You should see that our london_stations spatial dataframe is now in BNG / EPSG: 27700. We are now ready to load our final dataset - our csv that contains our crime from 2019.

From this csv, we want to do three things:

  1. Extract only those crimes that are bicycle thefts, i.e. crime_type == "bicycle theft".
  2. Convert our csv into a spatial dataframe that shows the locations of our crimes, determined by the latitude and longitudes provided, as points.
  3. Transform our data from WGS84 / 4326 to BNG / 27700.

Since we are getting pretty used to looking at code and cleaning data we should be able to chain these operations using the %>% operator:

# read in our crime data csv from our raw data folder
bike_theft_2019 <- read_csv("data/raw/crime/crime_all_2019_london.csv") %>% 
  # clean names with janitor
  clean_names() %>%
  # filter according to crime type and ensure we have no NAs in our dataset
  filter(crime_type == "Bicycle theft" & !is.na(longitude) & !is.na(latitude)) %>% 
  # select just the longitude and latitude columns
  dplyr::select(longitude, latitude) %>%
  # transform into a point spatial dataframe
  # note providing the columns as the coordinates to use
  # plus the CRS, which as our columns are long/lat is WGS84/4236
  st_as_sf(coords = c("longitude", "latitude"), crs = 4236) %>% 
  # convert into BNG
  st_transform(27700)

We now have our three datasets loaded, it is time for a little data checking. We can see just from our Environment window that in total, we have 302 stations and 18,744 crimes to look at in our analysis. We can double-check the (Attribute) tables of our newly created spatial dataframes to see what data we have to work with.

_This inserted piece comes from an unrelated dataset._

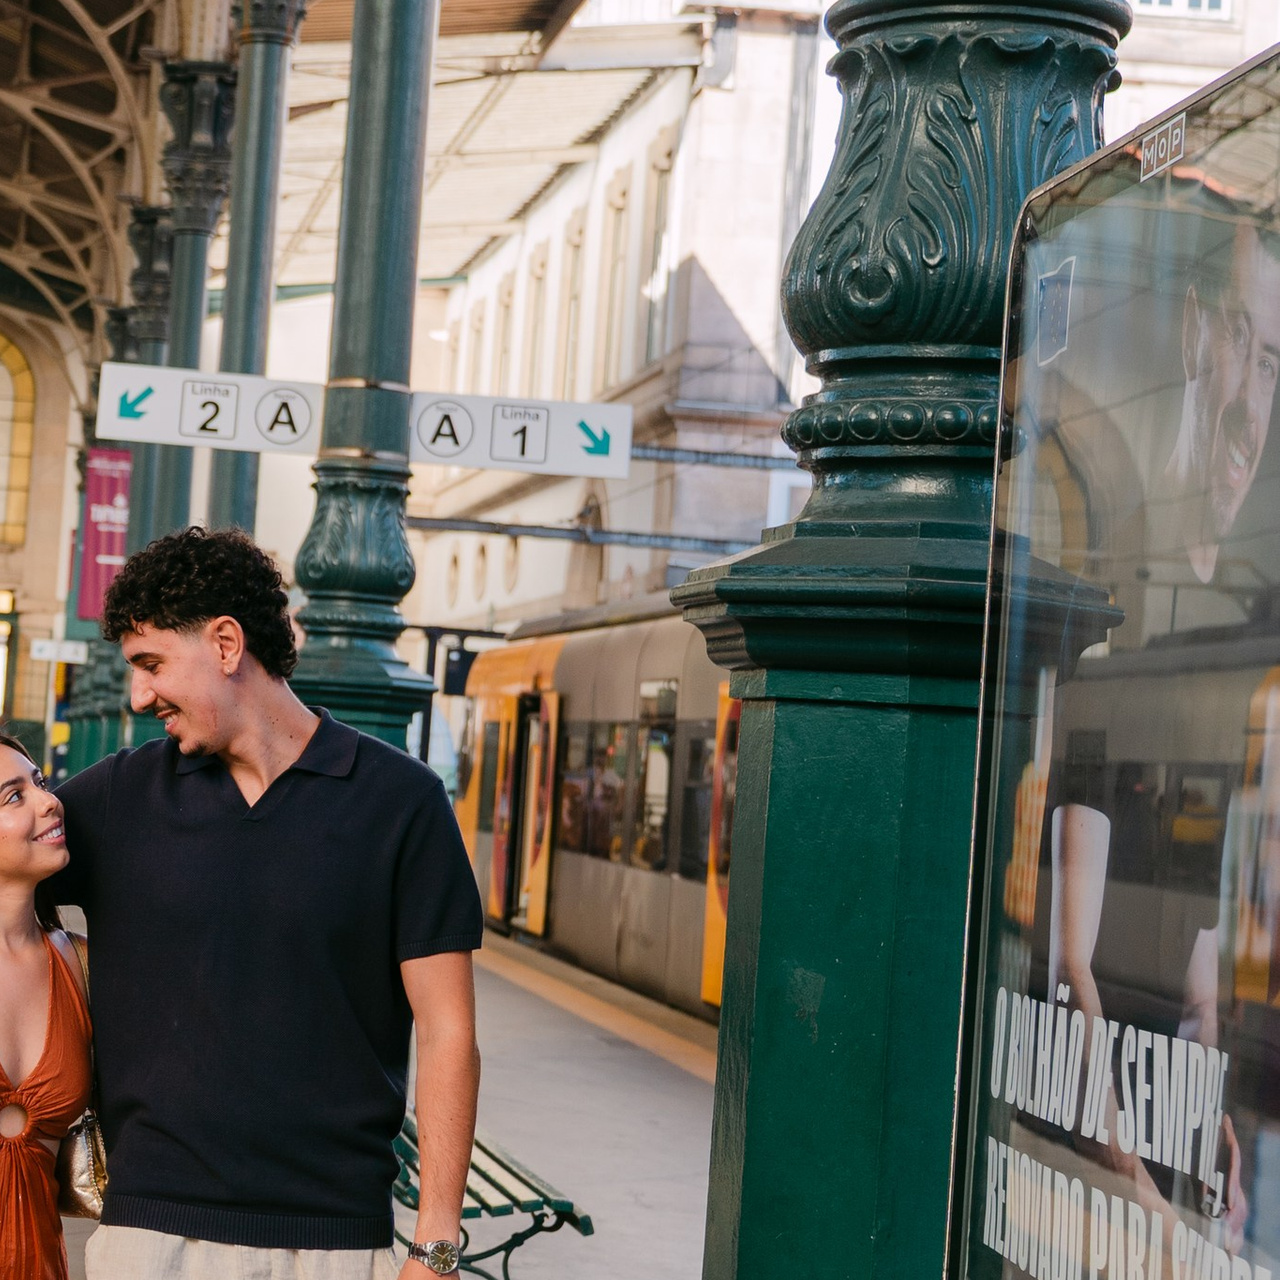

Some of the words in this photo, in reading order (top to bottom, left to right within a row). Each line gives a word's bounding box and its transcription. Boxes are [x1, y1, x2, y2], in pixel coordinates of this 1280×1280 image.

You can either do this manually by clicking on the variable, or using commands such as head(), summary() and names() to get an understanding of our dataframe structures and the field names present.You can choose your approach, but make sure to look at your data.

As you should remember from the code above, for our bicycle theft data, we actually only have our geometry column because this is all that we extracted from our crime csv. For our london_stations spatial dataframe, we have a little more information, including the name of the station and its address - as well as its geometry.

Now, let’s map all three layers of data onto a single map using tmap:

# plot our London Wards first
tm_shape(london_ward_shp) + tm_fill() +
  # then add bike crime as blue
  tm_shape(bike_theft_2019) + tm_dots(col = "blue") +
  # then add our stations as red
  tm_shape(london_stations) + tm_dots(col = "red") +
  # then add a north arrow
  tm_compass(type = "arrow", position = c("right", "bottom")) +
  # then add a scale bar
  tm_scale_bar(breaks = c(0, 5, 10, 15, 20), position = c("left", "bottom"))

Let’s think about the distribution of our data: we can already see that our bike theft is obviously highly concentrated in the centre of London although we can certainly see some clusters in the Greater London areas. Let’s go ahead and temporally remove the bike theft data from our map for now to see where our tube and train stations are located.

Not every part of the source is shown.